The important question within spillover research these days is “how can spillover be encouraged?” We were interested in one particular mechanism: self-efficacy. Self-efficacy is the belief that you are capable enough to be able to do a certain behaviour. We were interested in self-efficacy as a spillover mechanism since it is theorised to have a bi-directional relationship with behaviour.  Self-efficacy is influenced by what you have done in the past and self-efficacy influences what you choose to do in the future (known as reciprocal determinism).

Across 2 studies with Australian participants, we explored whether self-efficacy may be a potential mechanism for fostering behavioural spillover.

In the first study, information was gathered on participants’ past engagement and intended engagement in 10 water-related behaviours (i.e., behaviours that influence water use, such as water conservation/efficiency and water quality protection behaviours). A pilot study showed that 6 of these behaviours were considered ‘easy’ to do and 4 were considered ‘difficult’ to do. We also measured participants’ sense of self-efficacy towards protecting water quality and conserving water (e.g., I feel confident I can engage in ways to protect water quality). We found that the easy behaviours people have done in the past were related to their sense of self-efficacy, and this greater sense of confidence was associated with increased intentions for more difficult behaviour in the future.

These findings were exciting, but two questions remained: 1) is self-efficacy a consistent spillover mechanism? E.g., can we find the effect again? And 2) can this effect lead to actual behaviour? To answers these questions, we used data collected over two occasions with Australian householders that reported whether they were participating in certain water-reducing behaviours and had installed water efficiency devices (e.g., water tank, water efficient washer).

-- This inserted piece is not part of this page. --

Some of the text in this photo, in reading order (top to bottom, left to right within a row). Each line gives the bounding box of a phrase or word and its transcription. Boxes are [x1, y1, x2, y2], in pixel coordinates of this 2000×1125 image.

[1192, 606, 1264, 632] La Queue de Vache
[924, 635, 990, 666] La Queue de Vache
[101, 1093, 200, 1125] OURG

Similar to the findings of Study 1, we found that the more water reduction behaviours (i.e., easy behaviours) householders had adopted, the greater their self-efficacy, and the greater their intentions for installing water efficiency devices (i.e., difficult behaviours), in turn, the more of these water efficient devices were actually installed. In lay peoples’ terms, we found that the easy things people had been doing fed into their self-efficacy, which increased their intentions and actual adoption of more difficult behaviour. Ultimately these findings demonstrate support for the idea that self-efficacy may be a mechanism that encourages spillover.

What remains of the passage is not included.